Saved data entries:
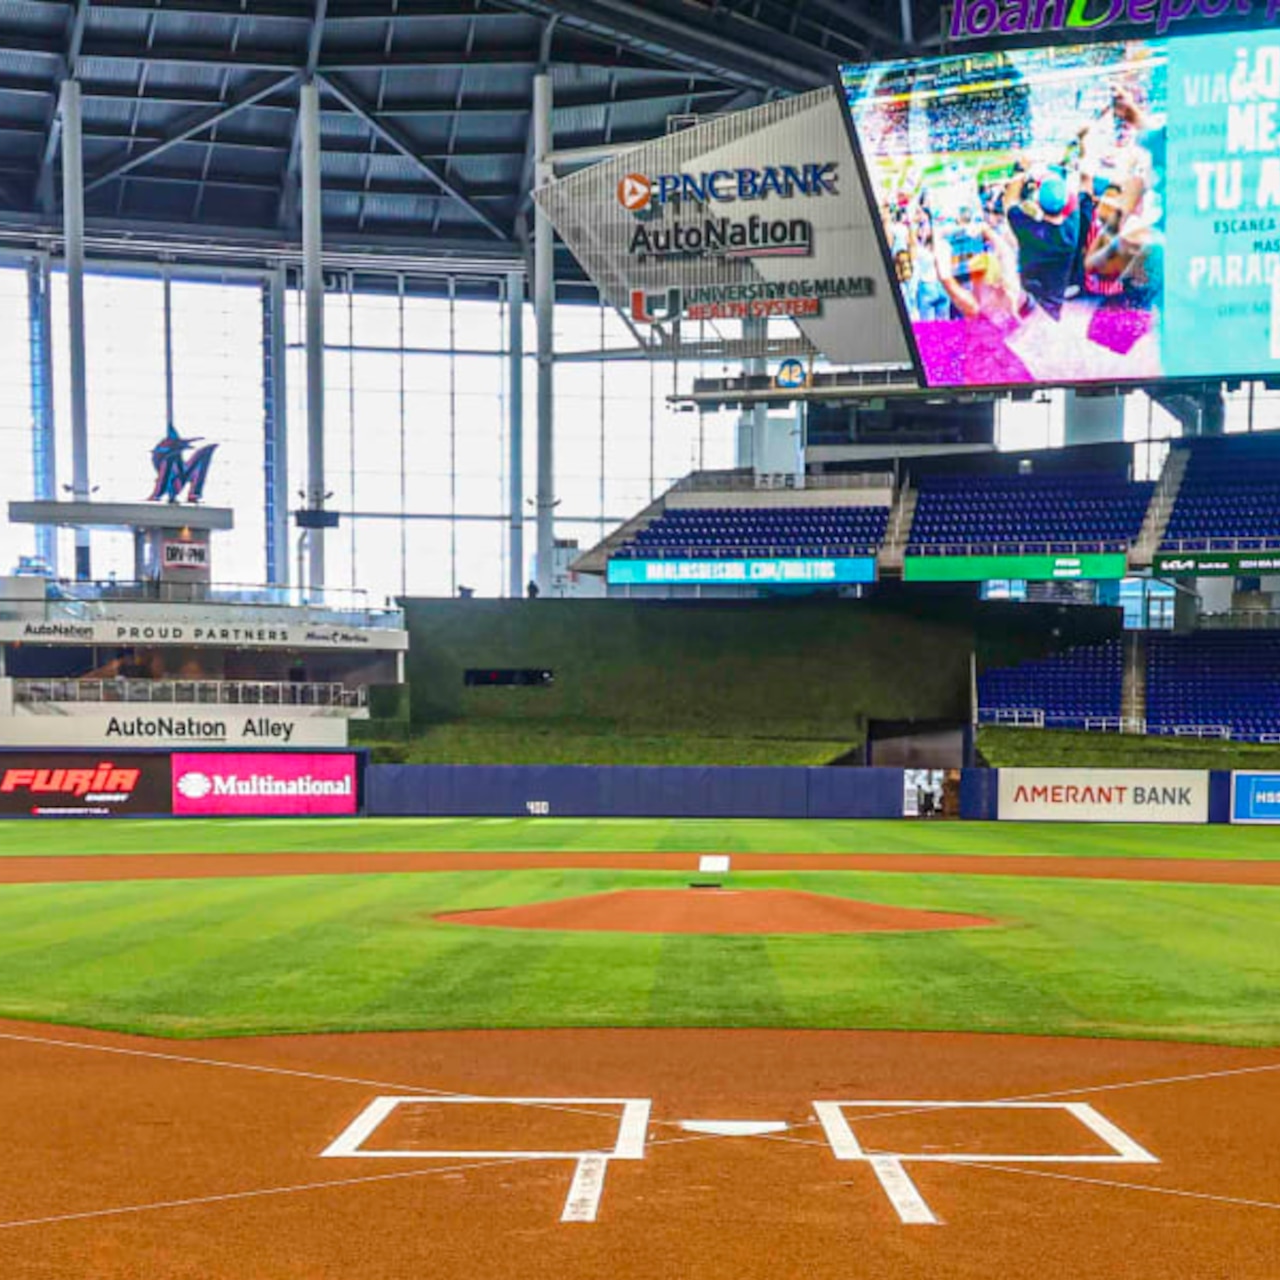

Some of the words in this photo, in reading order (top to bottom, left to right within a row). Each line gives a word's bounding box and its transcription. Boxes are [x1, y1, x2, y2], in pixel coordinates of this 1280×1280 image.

[1194, 160, 1242, 210] TU
[629, 215, 808, 253] AutoNation
[753, 299, 819, 317] SYSTEM
[778, 364, 803, 381] 42
[117, 627, 183, 639] PROUD
[194, 628, 289, 641] PARTNERS
[105, 717, 226, 737] AutoNation
[242, 717, 295, 742] Alley
[213, 774, 351, 796] Multinational
[1013, 785, 1128, 803] AMERANT
[1133, 786, 1192, 805] BANK
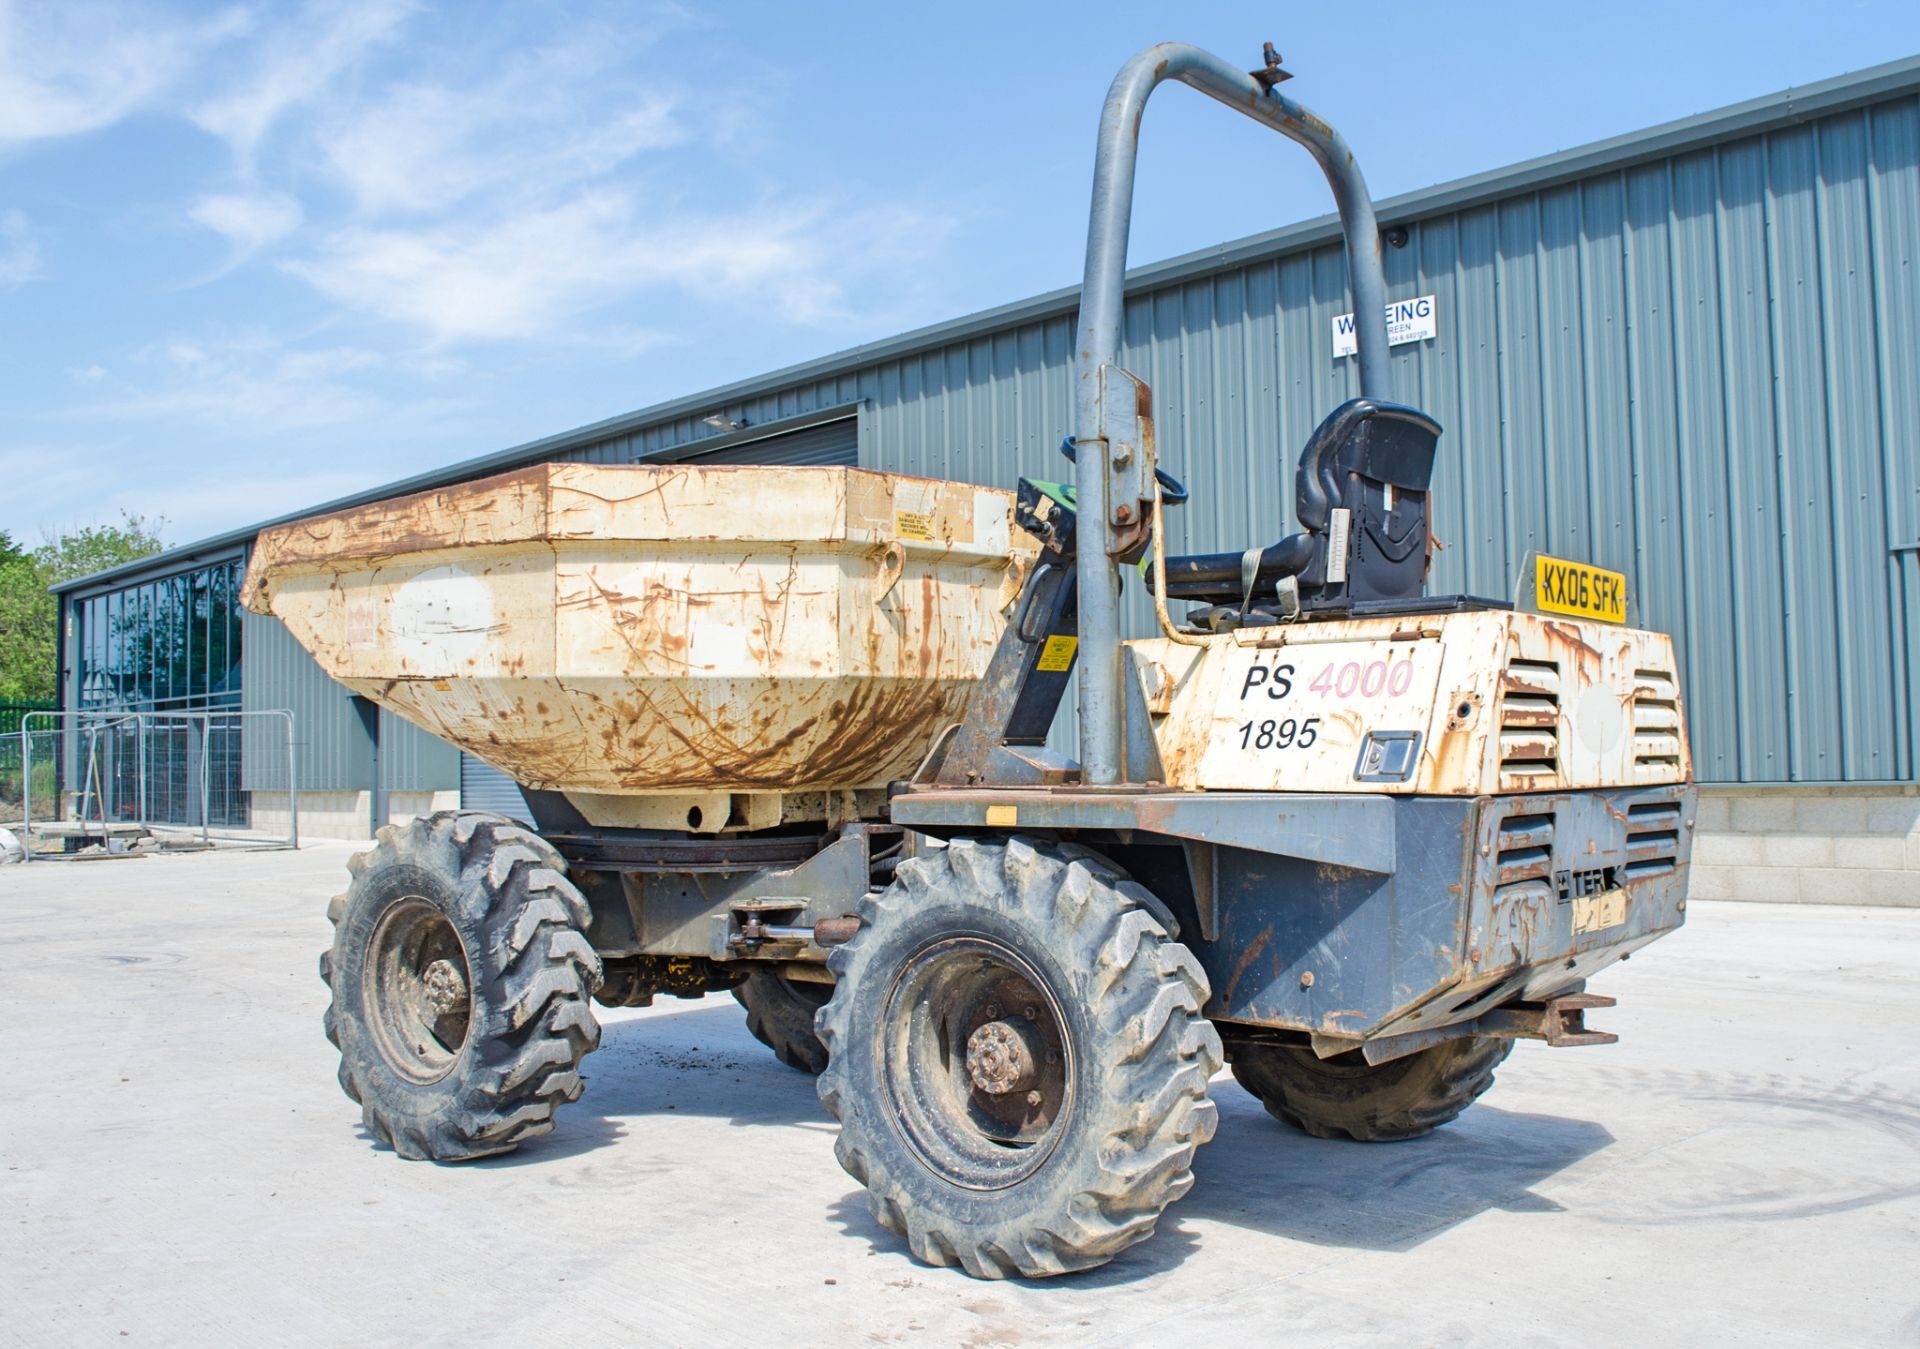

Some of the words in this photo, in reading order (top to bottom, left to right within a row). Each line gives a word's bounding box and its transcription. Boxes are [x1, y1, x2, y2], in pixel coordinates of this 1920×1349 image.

Task item:
Restate each record from above word for word, excluding any picture it holds.

Result below:
Some of the words in this photo, in reading order (top to bottom, left to right within a row). Each line gives a word's bounding box and its transcription. Boxes are [x1, y1, x2, y2], in pixel coordinates of this 1280×1280 image.

[1194, 160, 1242, 210] TU
[629, 215, 808, 253] AutoNation
[753, 299, 819, 317] SYSTEM
[778, 364, 803, 381] 42
[117, 627, 183, 639] PROUD
[194, 628, 289, 641] PARTNERS
[105, 717, 226, 737] AutoNation
[242, 717, 295, 742] Alley
[213, 774, 351, 796] Multinational
[1013, 785, 1128, 803] AMERANT
[1133, 786, 1192, 805] BANK

Some of the words in this photo, in reading order (top to bottom, left to right within a row). Each line gives a word's bounding box and its transcription. Boxes are [x1, y1, x2, y2], in pixel coordinates of this 1920×1349 image.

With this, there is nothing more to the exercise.